The Government of Aruba is pursuing a policy of “flattening the curve”, that is slowing the rate of infections to allow its health care system to continue to function. To do this it has pursued aggressive social distancing policies which could remain in place until the end of April. Aruba is probably two/three weeks behind the USA which in turn is behind Italy and Spain so it is likely the rate of infections in Aruba will not peak until early/mid-May.
Should those policies succeed then the rate of increase of local transmission should be substantially reduced although clearly there would still continue to be infections.
But the Government of Aruba faces a huge challenge.
The economy of Aruba is almost completely dependent upon welcoming visitors from abroad. Aruba needs visitor spending to generate income and provide employment. So, there will be enormous pressure to re-open its borders to visitors.
However, once Aruba opens its borders it is inevitable that infected persons from overseas will enter the country and could infect members of the local population who will in turn infect other residents. It is worth noting that New York state generates 20% of all visitors from the USA and will, in all likelihood, have the highest level of infections of any state in the USA.
If the Government chooses to open its borders, as it must if it is to revive its economy, then it is going to have to accept that infections will continue to occur as will deaths resulting from severe cases of infection.
The Government will then have to decide what is an acceptable level of mortality for its population.
There could be a multi-pronged strategy to address this.
Various solutions are being explored to address this issue.
In the UK a platform is being developed which can be used in conjunction with a government approved Covid-19 testing kit that confirms and validates whether the holder has been tested negative or positive for coronavirus or has the antibody present. In future updates, it will include confirmation that they are vaccinated. Once the test has been completed, the results will be updated to an individual’s digital passport this creating a digital health passport. This approach is also being explored in Germany.

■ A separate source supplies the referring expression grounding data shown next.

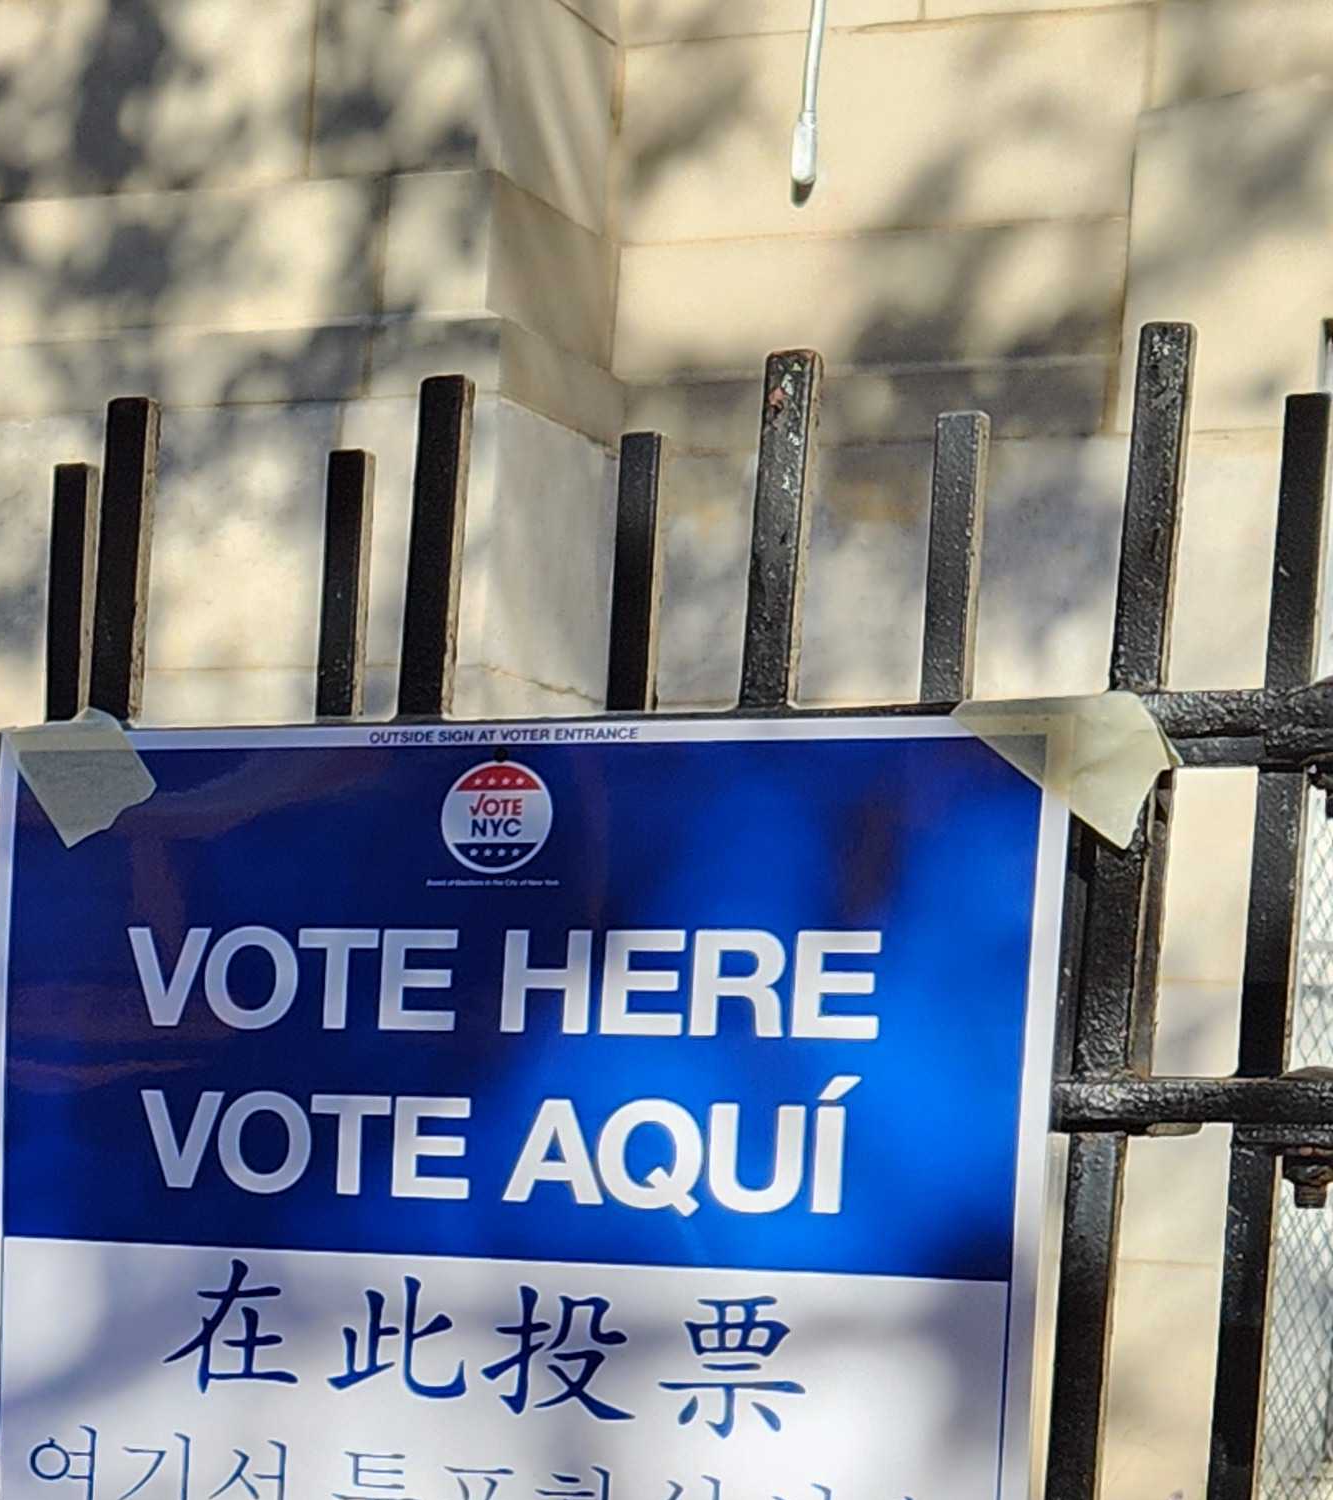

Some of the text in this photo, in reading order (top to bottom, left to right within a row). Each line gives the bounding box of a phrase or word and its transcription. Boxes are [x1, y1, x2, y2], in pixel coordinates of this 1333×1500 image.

[369, 727, 639, 744] OUTSIDE SIGN AT VOTER ENTRANCE
[469, 793, 523, 817] VOTE
[471, 818, 522, 837] NYC
[128, 926, 882, 1040] VOTE HERE
[141, 1075, 862, 1217] VOTE AQUÍ
[162, 1258, 806, 1438] 在此投票

However, the World Health Organization has indicated it is strongly opposed to issuing such so-called "immunity passports" or "risk-free certificates" as a way of easing lockdowns and to facilitate travel. It said there was "no evidence" that people who had developed antibodies after recovering from the virus were protected against a second infection. Such a move could actually increase virus transmission, it warned.
Second, airlines themselves are testing systems to examine passengers at check in prior to allowing them to fly. Etihad could potentially become the first airline to implement a new technology that would screen passengers for dangerous medical conditions, like early stages of COVID-19. Emirates has also tested the idea of blood tests at check in to determine the health of the passenger.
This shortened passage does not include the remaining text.